Exercise objective =>
Restate the whole of the data below word for word, skipping the images.

Dataset records =>
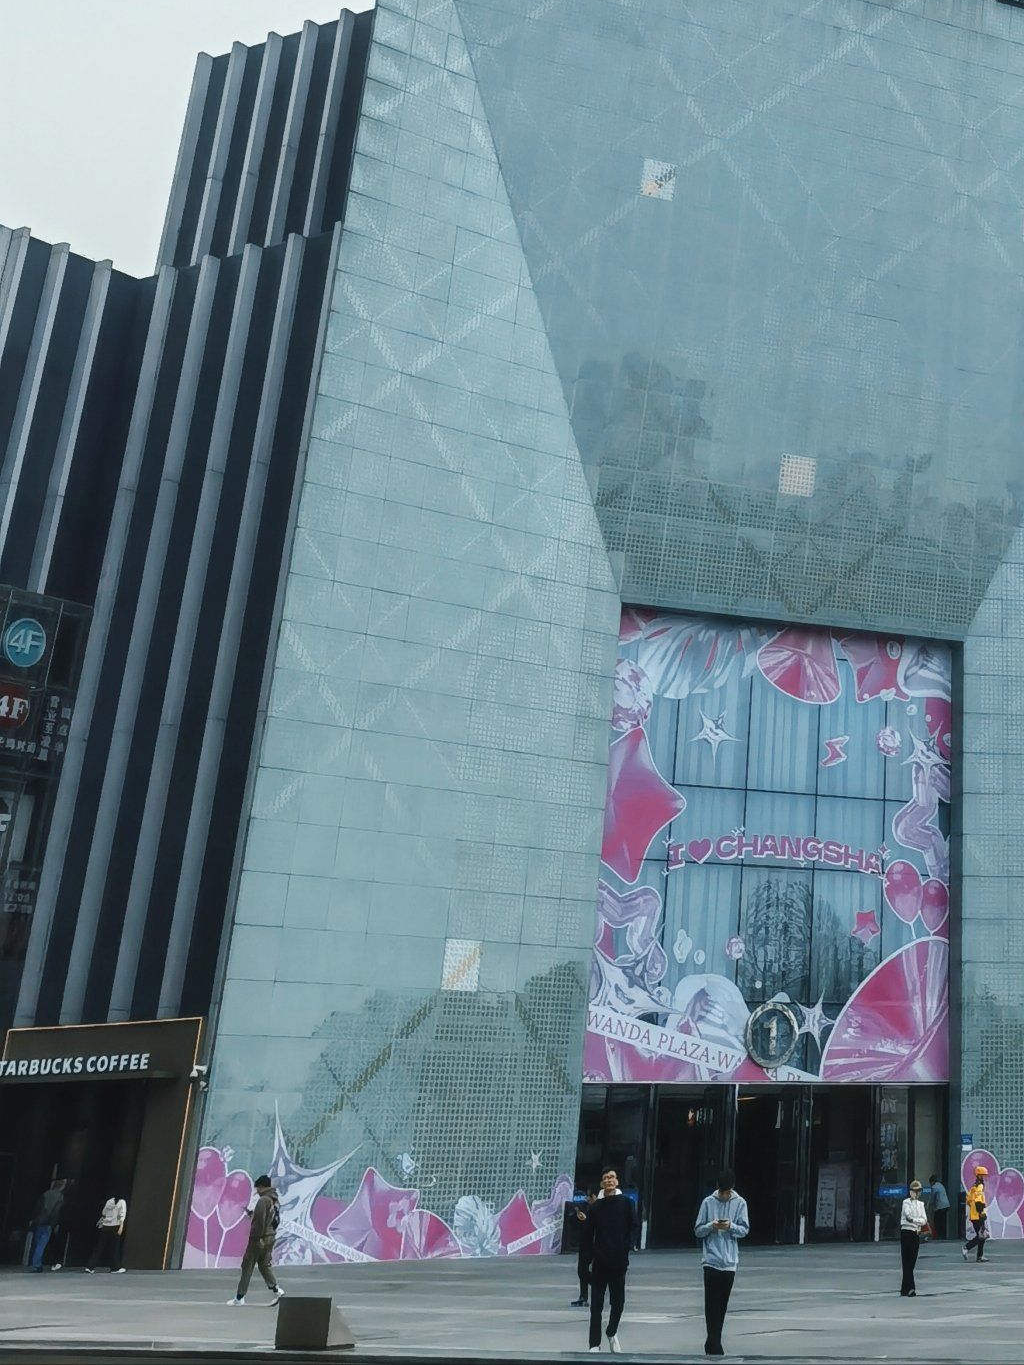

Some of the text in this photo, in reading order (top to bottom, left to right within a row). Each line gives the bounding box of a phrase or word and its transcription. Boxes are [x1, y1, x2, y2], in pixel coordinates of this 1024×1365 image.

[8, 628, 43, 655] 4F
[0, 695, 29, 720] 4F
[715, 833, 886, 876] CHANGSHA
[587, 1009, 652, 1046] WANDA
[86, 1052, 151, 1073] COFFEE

Response area =>
Some of the text in this photo, in reading order (top to bottom, left to right within a row). Each line gives the bounding box of a phrase or word and its transcription. Boxes are [x1, y1, x2, y2], in pixel coordinates of this 1024×1365 image.

[8, 628, 43, 655] 4F
[0, 695, 29, 720] 4F
[715, 833, 886, 876] CHANGSHA
[587, 1009, 652, 1046] WANDA
[86, 1052, 151, 1073] COFFEE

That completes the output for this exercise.